Originally Posted by sandi2
AmyC, how do I begin to start having positive feelings toward my H? I can't imagine ever being intimate with him again? He is so good and yet I feel so turned off by him. Some days I want to run away from my entire family. The OM makes very, very good money and when you don't have any and every problem around you seems to be caused by lack of money...well, the temptation to run to the OM gets big.
Originally Posted by AmyC
sandi, lack of money is not the problem so om's money won't solve it. And there's that...it's om's money. It'll never be yours no matter how much he says he wants to share it with you.
It will be blood money.

Get away from om.
STOP COMMUNICATING with him ALL TOGETHER.

The goal here is not to instantly be attracted to your husband again. I've already told you, look at yourself, INTO yourself. Try it through your husband's eyes and maybe you can get some understanding as to just why HE is the way HE is.

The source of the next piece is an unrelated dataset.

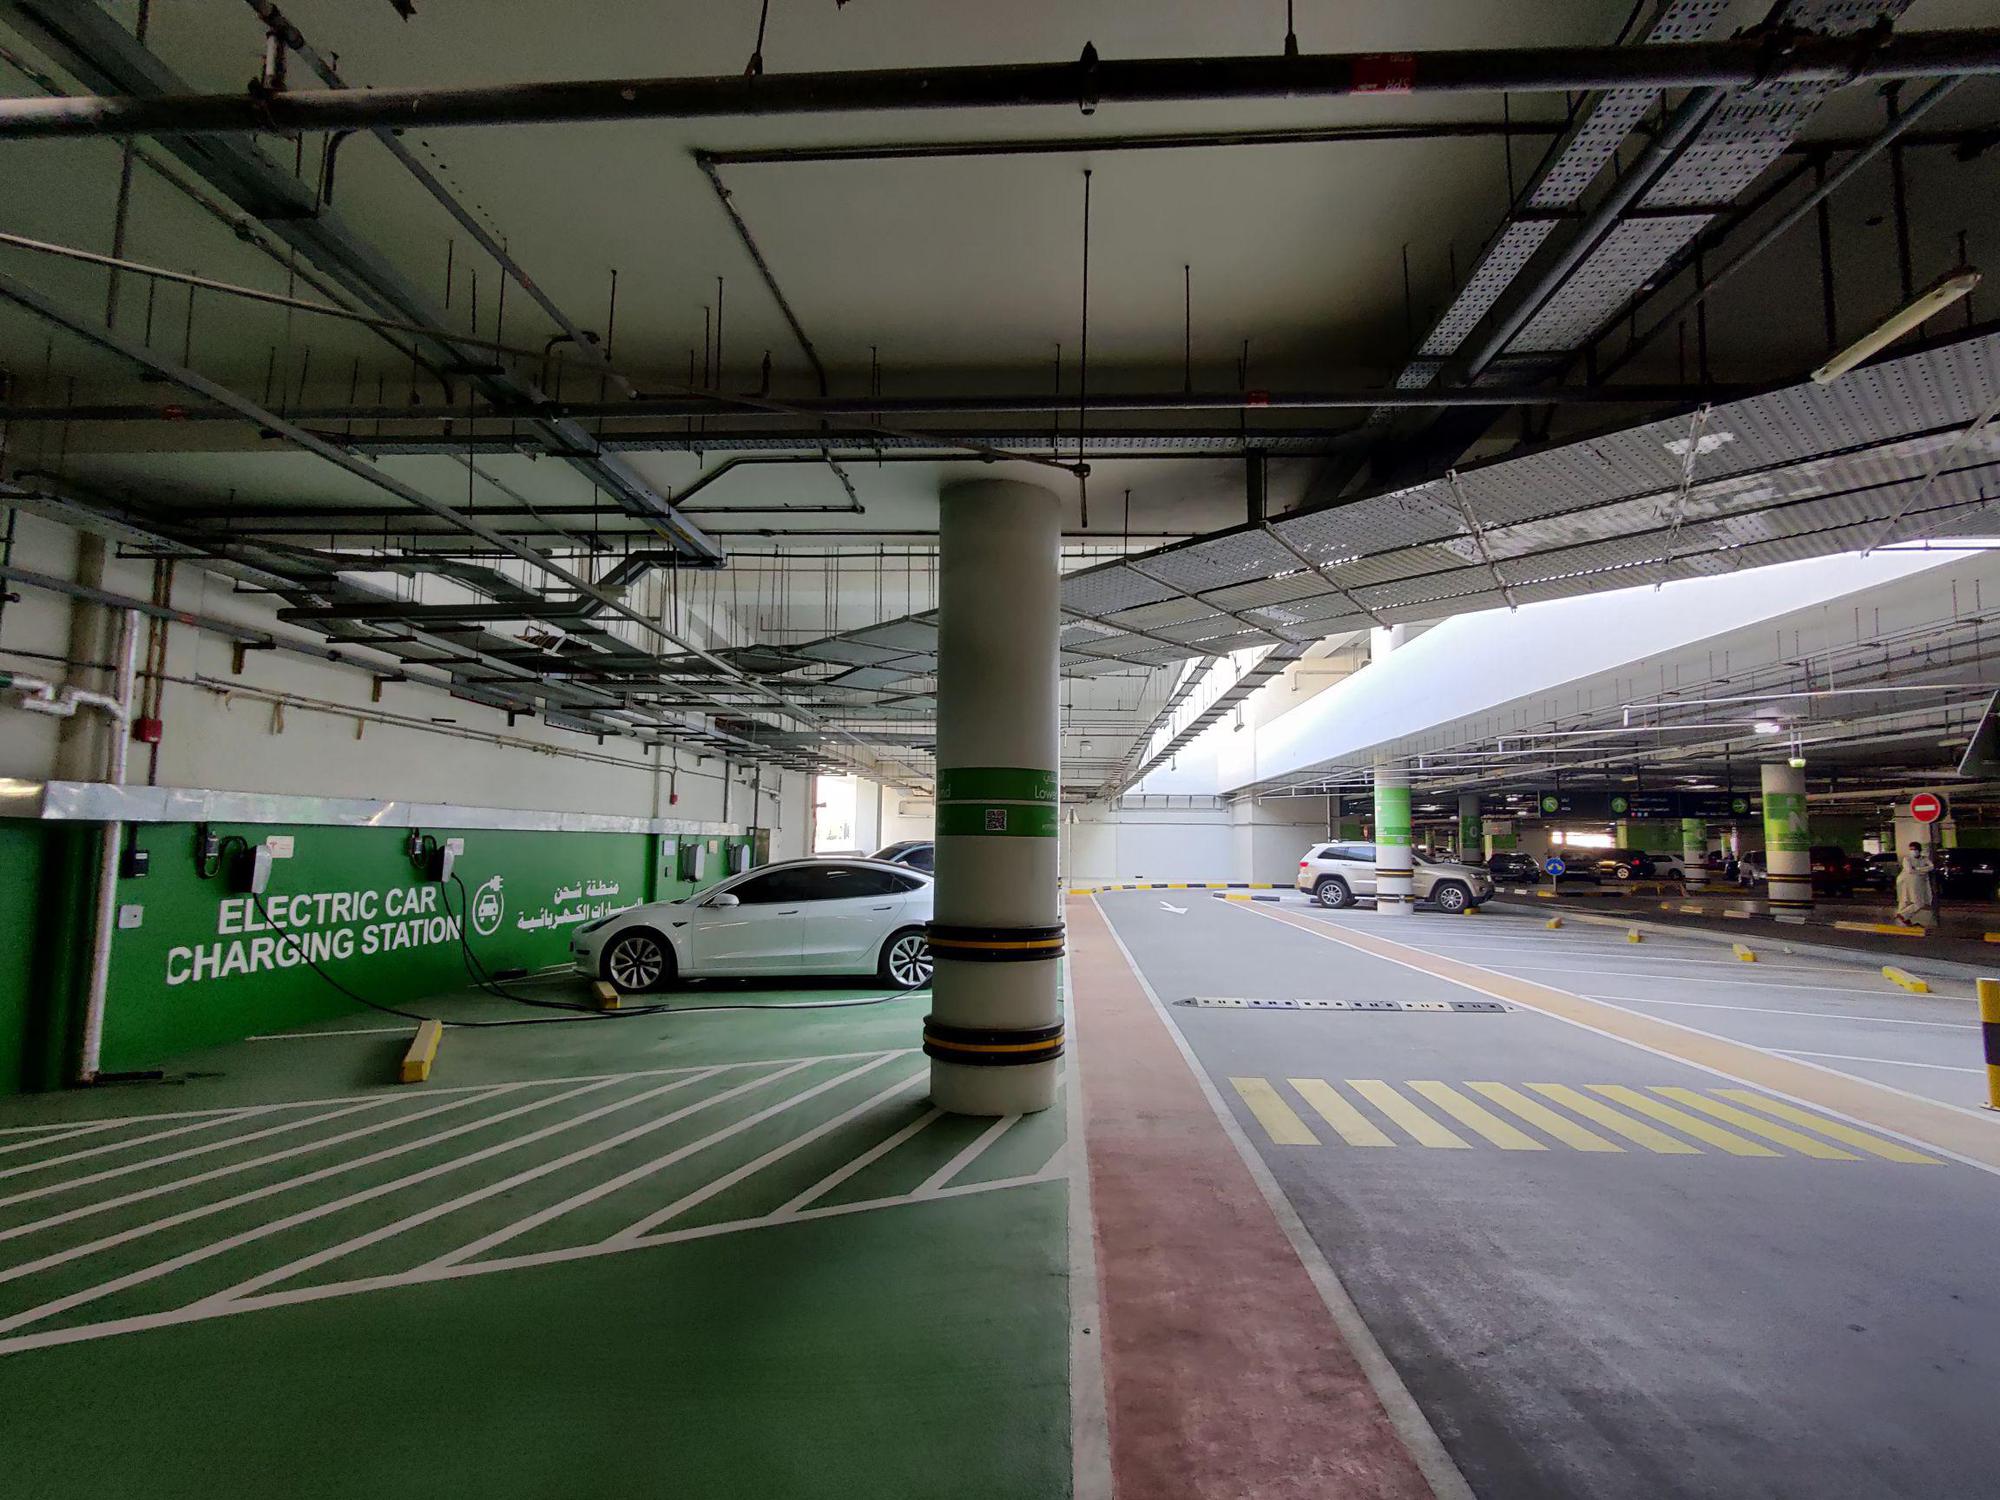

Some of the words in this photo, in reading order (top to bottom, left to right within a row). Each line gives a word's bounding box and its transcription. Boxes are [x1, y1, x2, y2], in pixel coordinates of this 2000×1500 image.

The biggest turnaround for me came in the middle of my bedroom floor one night after I came out of MLC. Every night for two weeks I was there. Crying and praying. Sometimes just laying there devastated. I began to see things, our life, through my husbands eyes. I saw how I had contributed to the failure of our marriage, OUR financial problems, our eventual drifting apart. I came to realize I'd never really been a good wife. I'd taken care of the kids and the house but not him. Not him very well at all. I'd never been a real partner. I hadn't worked and therefore the entire financial burden had fallen on him. We had bought a little house on an acre of land that he push mowed for 3 years straight and I never so much as took him a glass of ice water. We were together but the division that existed had become clear to me. I had developed a sick false sense of entitlement, too. So even before MLC, I was far from a good wife. When the MLC hit, I was atrocious. I was adulterous, self-righteous, blamed my husband's drinking for every single thing...It took me having to go through quite a hellish journey before I realized the level of stress my husband had been under for years. He gave me everything as best he could and I spit in his face for the most part. After the MLC and in the growth period since, I have changed, grown up, owned up. In the midst of it all my heart found it's way back to my husband, who at one point I would cringe at thought of touching.

Look at yourself, sandi.

That's where the problem YOU have to deal with lies.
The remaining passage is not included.